Review: Inverting the American war story
“Run Me to Earth” is a gorgeous book about the bonds of friendship and the ruptures of war. Even more significantly, in telling the stories of a trio of Laotian teens, it inverts and reorients the American war story.
Like Stephen Crane’s syllabus standard “The Red Badge of Courage,” published in 1895, and Phil Klay’s “Redeployment,” which won a 2014 National Book Award, the most celebrated and consumed wartime novels have focused on American soldiers — conflicted soldiers, perhaps, but soldiers all the same. The only Americans who show up in “Run Me to Earth” are those behind the controls of the helicopters flying overhead, mistakenly bombing their Laotian allies.
Alisak, his friend Prany and his sister Noi are former neighbors, now displaced and orphaned teens. Despite the chaos around them, they run together with the joy and freedom of childhood. We begin in 1969, in the middle of the Vietnam War; Laos had been conscripted into the American plan for Southeast Asia.
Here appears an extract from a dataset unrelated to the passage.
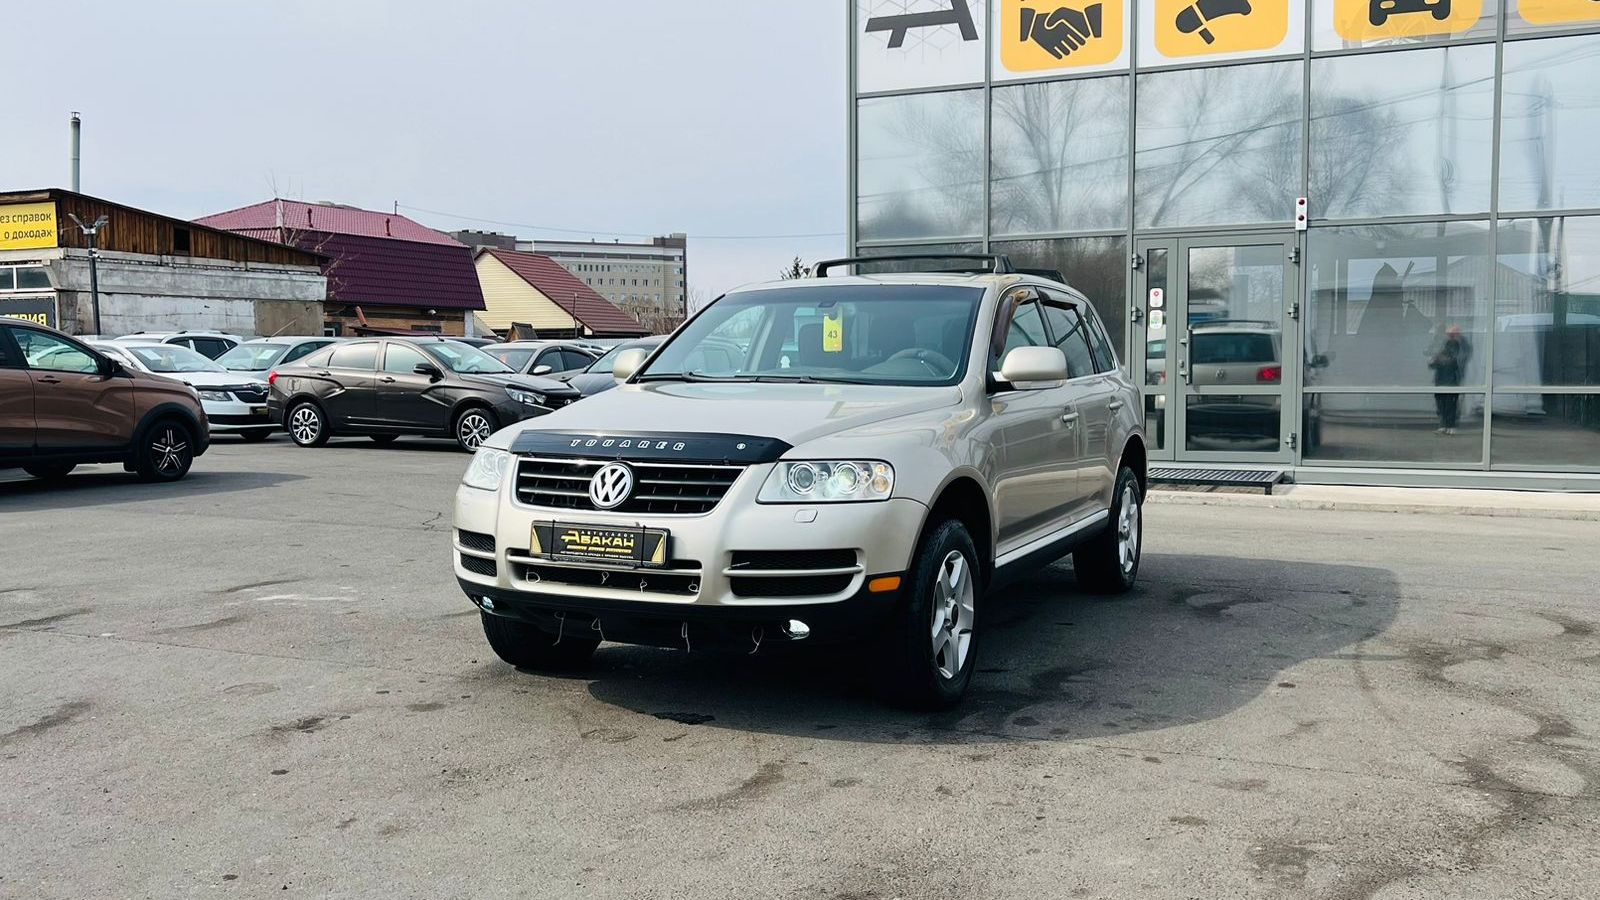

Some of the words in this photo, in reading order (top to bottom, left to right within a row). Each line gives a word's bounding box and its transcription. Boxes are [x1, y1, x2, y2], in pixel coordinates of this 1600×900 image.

[12, 213, 52, 224] справок
[4, 231, 10, 239] о
[12, 229, 52, 240] доходах
[828, 330, 838, 339] 43
These friends don’t know much about that; what they do know is the constant threat of hunger, the unexploded ordnance they’ve learned how to dodge and the strength of their alliance.
“They slept like young animals in a den,” Alisak thinks, “and had been doing so for as long as he could now remember. He didn’t know how to tell someone how improbable it seemed to ever want to sleep alone again. The vacancy of it. He had nothing, had always had nothing, but he had them.”
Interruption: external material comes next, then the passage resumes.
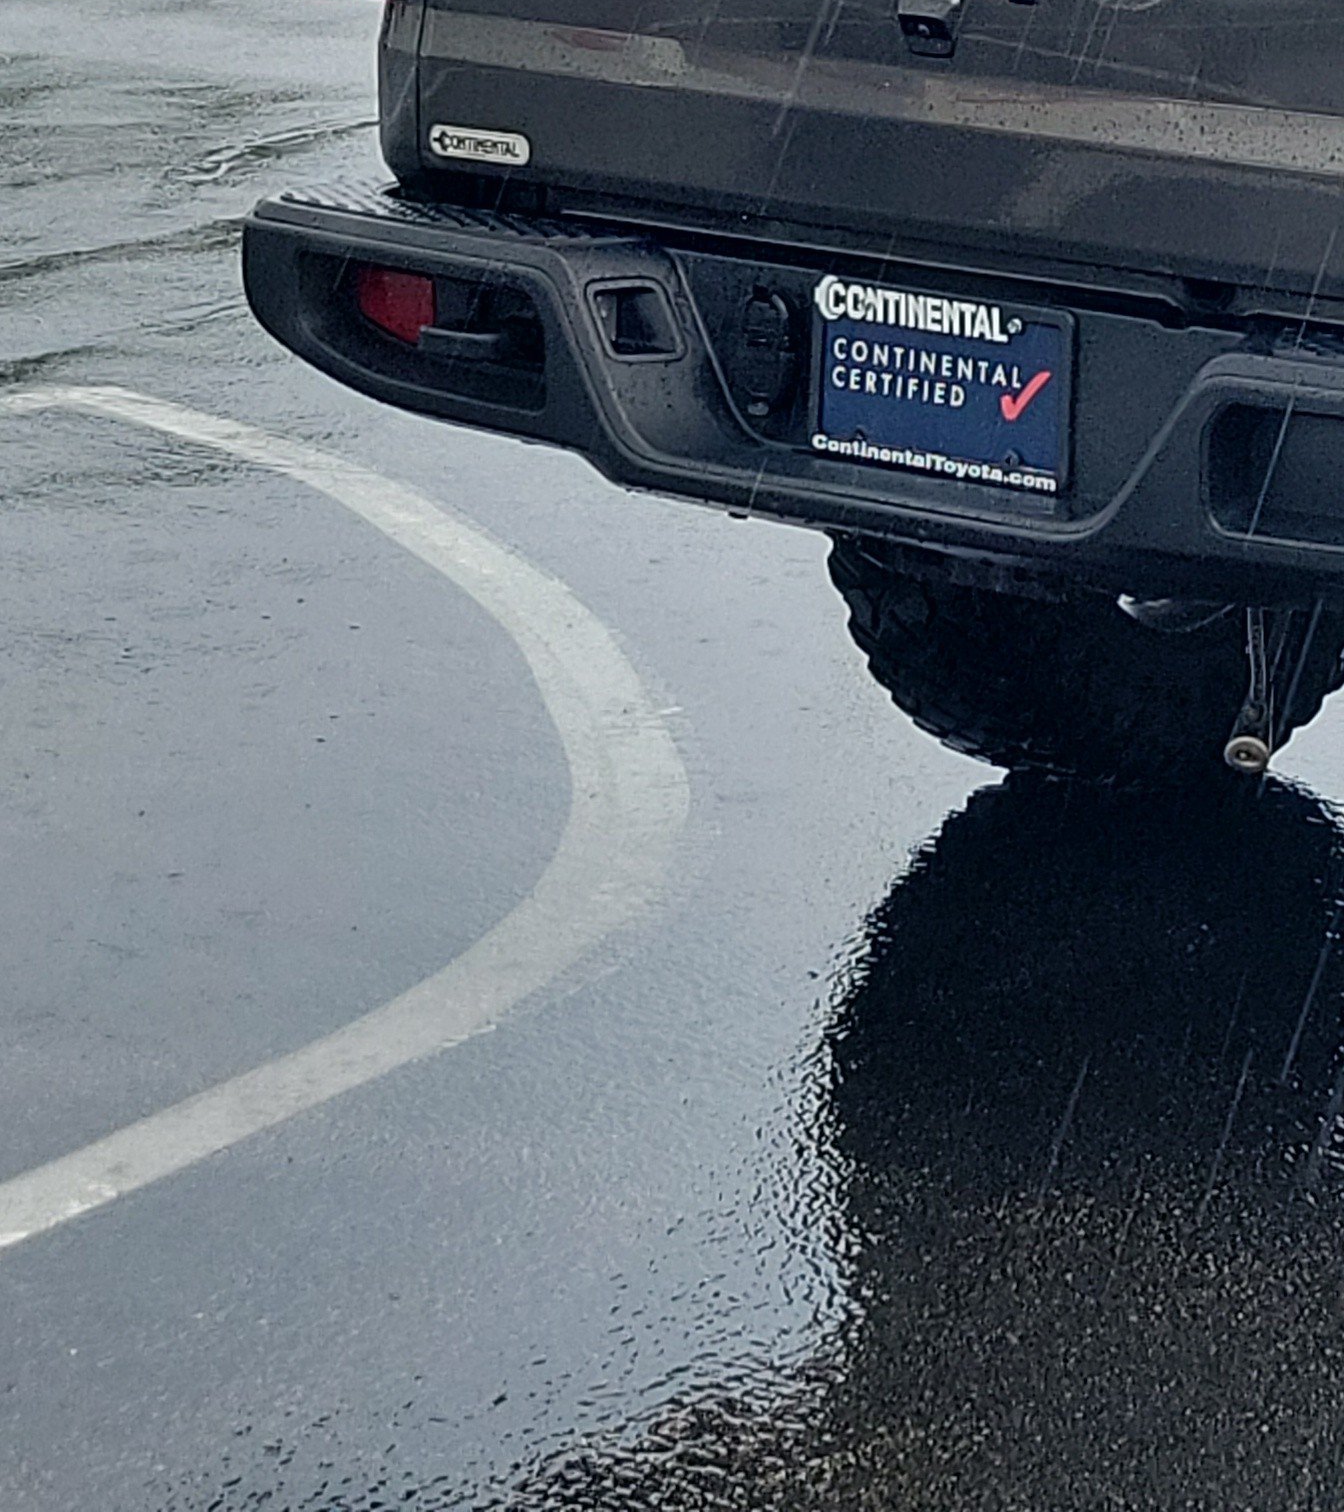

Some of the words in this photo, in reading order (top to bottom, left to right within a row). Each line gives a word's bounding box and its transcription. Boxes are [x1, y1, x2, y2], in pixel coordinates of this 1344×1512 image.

[814, 274, 1009, 344] CONTINENTAL
[831, 365, 965, 408] CERTIFIED
[833, 337, 1022, 389] CONTINENTAL
[811, 433, 1057, 492] ContinentalToyota.com
They’ve holed up in a mansion abandoned by its owner, a Frenchman. The roof now leaks and windows are broken, but paintings hang on the walls and a piano remains, oozing decayed Colonial-era grandeur. Hollywood films about Vietnam and books like Graham Greene’s all too often portrayed white people from the colonial powers in crisp linens trying to hold the line of civilization against the mad, bad jungle; here the madness is theirs, raining from above.
One wing of the house has been taken over by local doctors and nurses, who are using the building as a makeshift hospital. The teens are protected and mentored by one doctor, Vang, who enlists their help, both within the ward and as couriers riding the house’s vintage motorcycles. It’s hard to tell if the trio is brave or just too young to be afraid.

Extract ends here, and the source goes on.